§ Work to be completed
Line by line, give the data again exactly as it appears, but without pictures.

[Data entries]

##############################

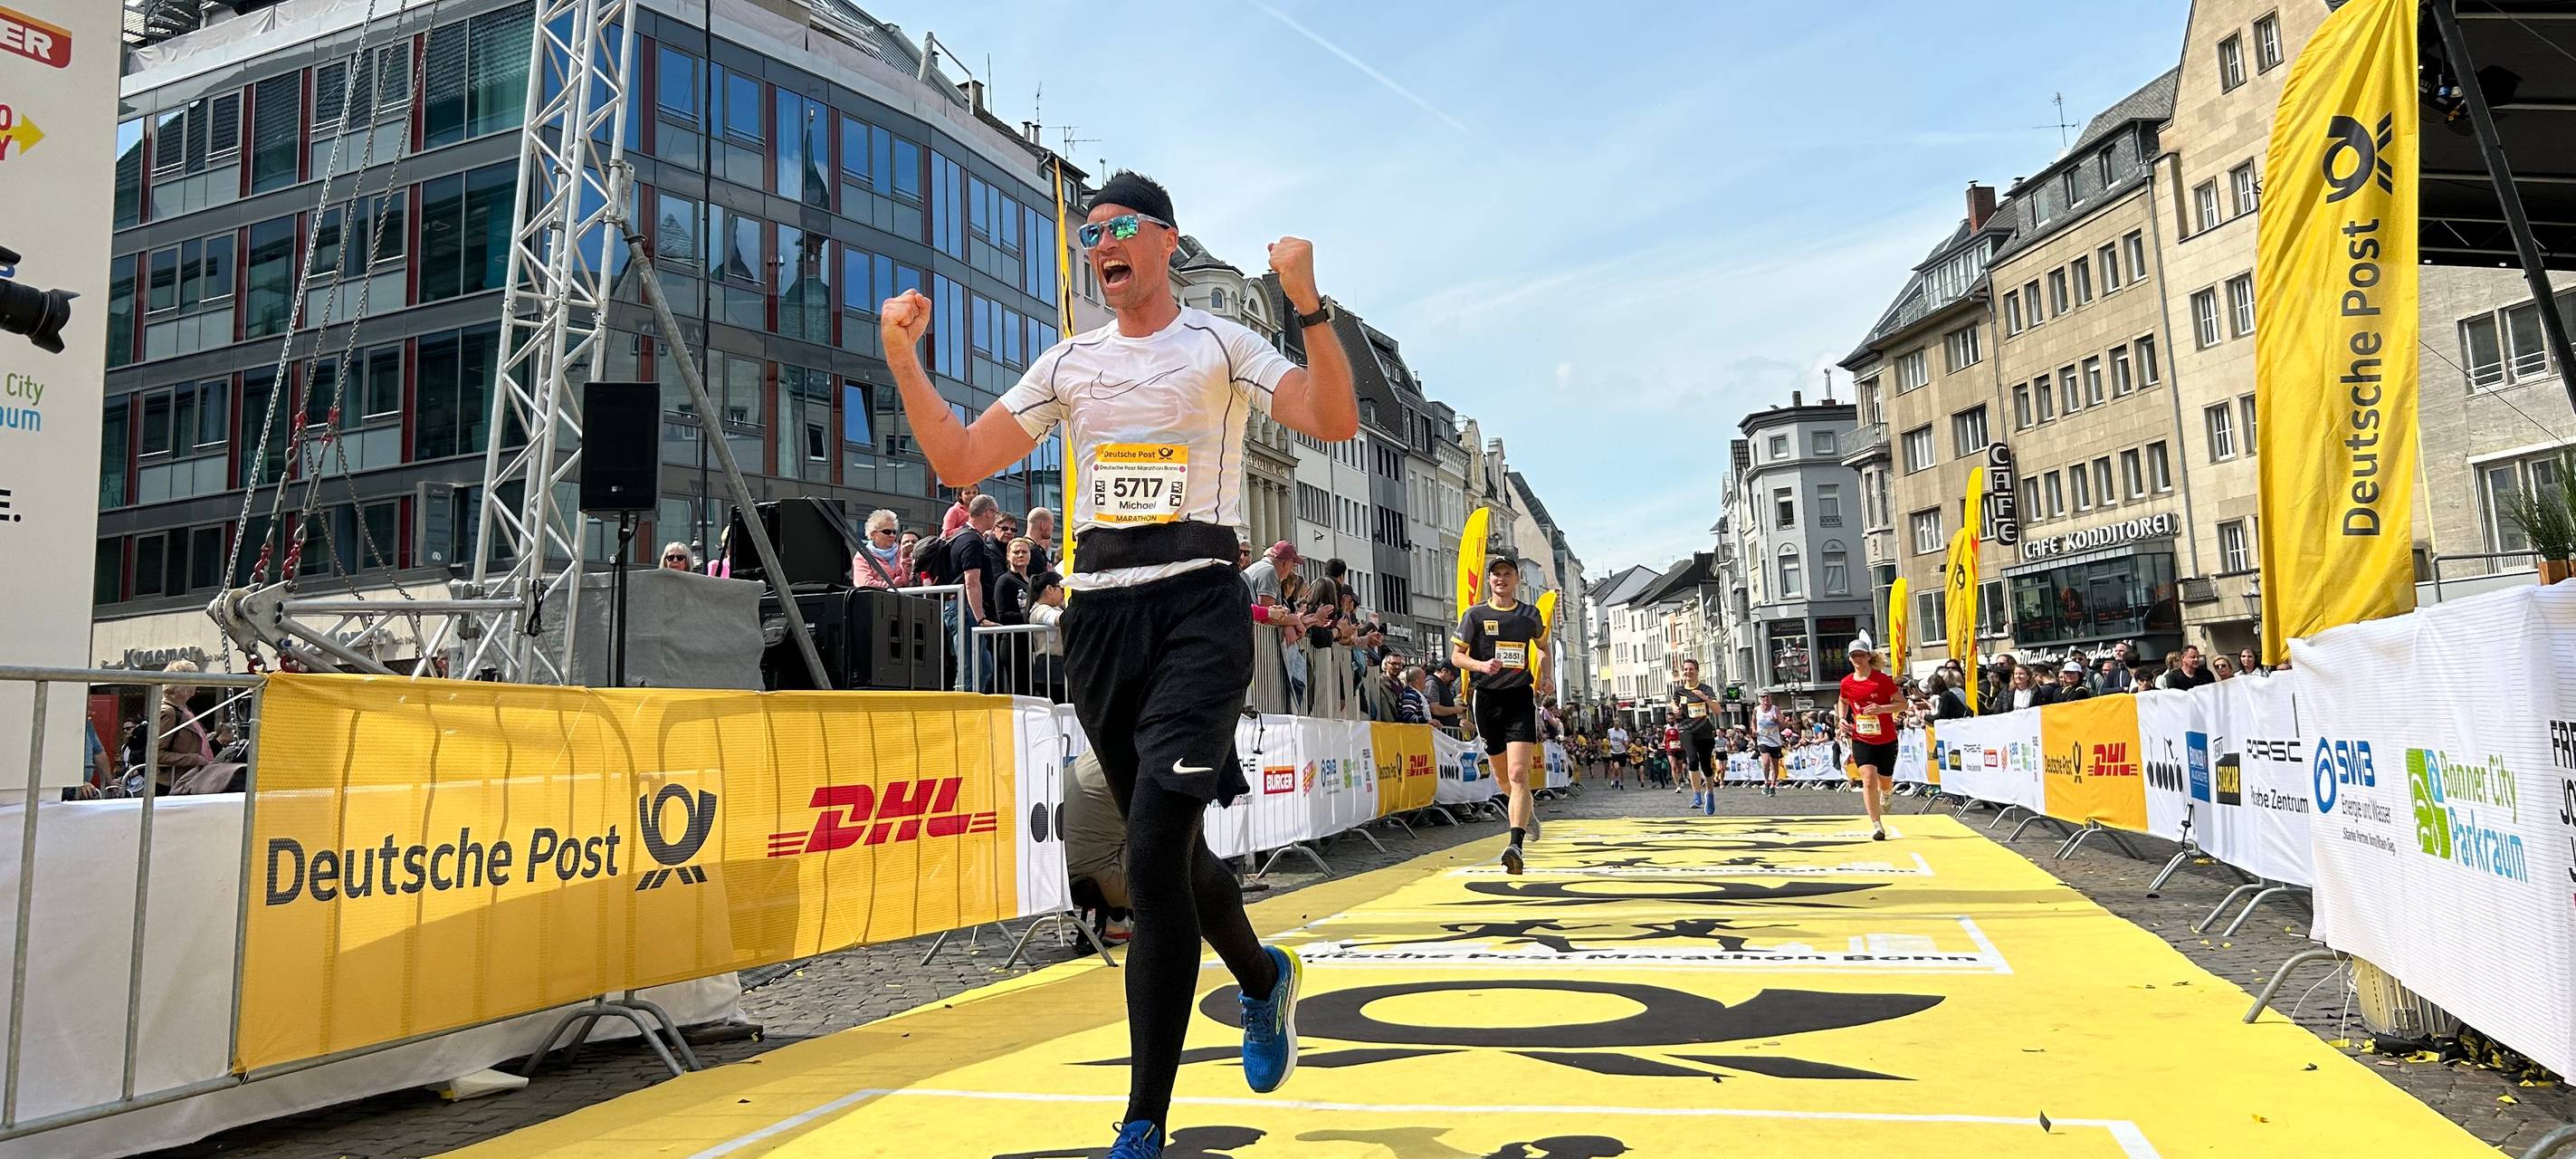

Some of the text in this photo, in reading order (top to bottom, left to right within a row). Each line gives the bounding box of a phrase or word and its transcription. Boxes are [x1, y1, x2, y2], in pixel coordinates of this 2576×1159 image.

[6, 372, 44, 406] City
[2341, 217, 2381, 536] Deutsche Post
[1103, 450, 1137, 458] Deutsche
[1113, 477, 1163, 497] 5717
[1990, 445, 2018, 542] CAFE
[1115, 514, 1158, 522] MARATHON
[1119, 501, 1157, 510] Michael
[2024, 513, 2171, 560] CAFE KONDITOREI
[1503, 652, 1520, 660] 2851
[2093, 742, 2131, 776] DHL
[2335, 740, 2376, 788] SWB
[1266, 770, 1293, 791] BÜRGER
[2218, 766, 2239, 793] STARCAR
[2439, 751, 2517, 824] Bonner City
[802, 776, 976, 854] DHL
[2270, 789, 2310, 814] Zentrum
[2448, 806, 2529, 884] Parkraum
[265, 824, 622, 906] Deutsche Post

##############################

§ Solution
Some of the text in this photo, in reading order (top to bottom, left to right within a row). Each line gives the bounding box of a phrase or word and its transcription. Boxes are [x1, y1, x2, y2], in pixel coordinates of this 2576×1159 image.

[6, 372, 44, 406] City
[2341, 217, 2381, 536] Deutsche Post
[1103, 450, 1137, 458] Deutsche
[1113, 477, 1163, 497] 5717
[1990, 445, 2018, 542] CAFE
[1115, 514, 1158, 522] MARATHON
[1119, 501, 1157, 510] Michael
[2024, 513, 2171, 560] CAFE KONDITOREI
[1503, 652, 1520, 660] 2851
[2093, 742, 2131, 776] DHL
[2335, 740, 2376, 788] SWB
[1266, 770, 1293, 791] BÜRGER
[2218, 766, 2239, 793] STARCAR
[2439, 751, 2517, 824] Bonner City
[802, 776, 976, 854] DHL
[2270, 789, 2310, 814] Zentrum
[2448, 806, 2529, 884] Parkraum
[265, 824, 622, 906] Deutsche Post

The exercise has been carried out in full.